Again, this stuff isn’t the end of the world, but when you add up all of these fit-and-finish flaws, the result is pretty underwhelming.
Ultimately, this knife doesn’t even come close fit-and-finish-wise to any of my factory Fallkniven blades, much less to any of my Busses or my Barry Dawson custom.
This is tragic, because these flaws take what should’ve been a great knife and turn into one that’s merely good.
There is Yet Hope
I’ve not yet used this blade, so it could very well redeem itself. As I said above, I plan to use it hard, so we’ll see how it stands up to abuse.
Koster’s CPM-3V gets rave reviews online, so it’s quite possible that the performance of this knife will be good enough that I’ll be able to forgive all of the finish flaws. (I won’t be able to forget the flaws, though, because that swedge is nasty).
I can certainly see why users who got better finished MUCKs are probably gassed about the knife. The design itself is very good. It packs a lot of usable knife into a compact, lightweight package.
The glass breaker on the end is a nice touch in a survival tool, and the spine is sharp so it should be good for throwing a fat spark from a firesteel.
The jimping on the back of the blade is severe enough that you could almost saw with it, which I really like.
The 6-inch blade of CPM-3V is just the right length to do a little bit of everything from carving to chopping, and the saber grind is a good general-purpose grind for bushcraft.
This knife is also really light in the hand.
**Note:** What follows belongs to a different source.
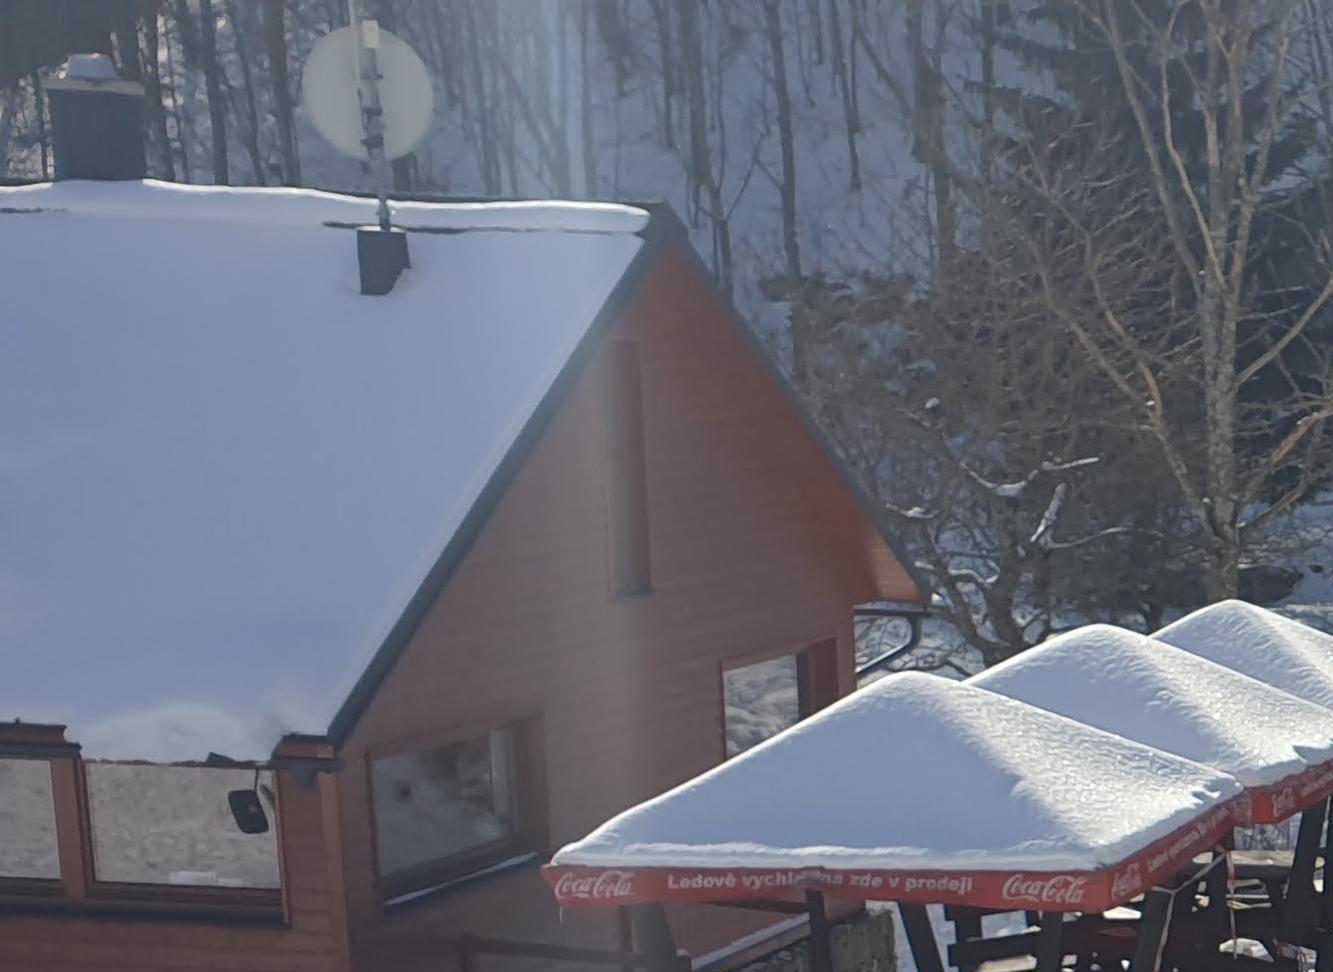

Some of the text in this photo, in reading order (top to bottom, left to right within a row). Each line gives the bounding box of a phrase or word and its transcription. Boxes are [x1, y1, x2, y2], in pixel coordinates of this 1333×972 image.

It feels like it weighs the same as my much smaller Fallkniven F1 in desert ironwood, although I will say that particular F1 (my go-to camping knife, from JRE Industries) feels a lot more premium than the more expensive MUCK. Anyway, the MUCK is light enough that I could see wearing the MUCK all day and forgetting that it’s even on me.
Ultimately, despite all of the potential that this knife has and the rave reviews from satisfied users, I’m not letting myself get optimistic that it’s going to stand up to hard use. This blade has all the hallmarks of a rush job–of a guy grinding through a quota, trying to get as many out as he can. This does not inspire confidence that it’s ready to take a beating.
But maybe I’m wrong, and this knife is gonna crush it in the field. My hope is that sometime in the next few weeks I’ll have occasion to dress a boar with it, and then we’ll see what’s what. I’ll also be doing some fire and shelter building with it this weekend, so I’ll see how it performs on wood.
I hate to write such a downer of a review of a knife that I’ve been waiting for for this long, but that’s just how it is so far. We’ll see what happens in Part 2.
Update: I took this knife out and fooled around with it, working on a limb of dried oak just to get a feel for how it handles hard, old wood. For comparison I brought along the Fallkniven NL3, a very high-end production knife that’s almost the same size as the MUCK (it has a 5.9″ laminated VG10 blade). The NL3 is a little more expensive. You can find it for about $370 if you shop around.
The MUCK did a good job on the limb, but the NL3 (with the factory edge still on it) cut circles around it. There’s no comparison. This makes me think that the MUCK’s jacked up edge is to blame. It was hair-popping sharp, but it just didn’t handle the wood nearly as well as the convex-edged NL3, so that tells me the edge geometry is to blame. I’m going to get out the sandpaper and mousepad and re-profile the edge, which will be a major chore given how hard the MUCK’s steel is (60-61 HRc). But maybe that will make it a more aggressive cutter.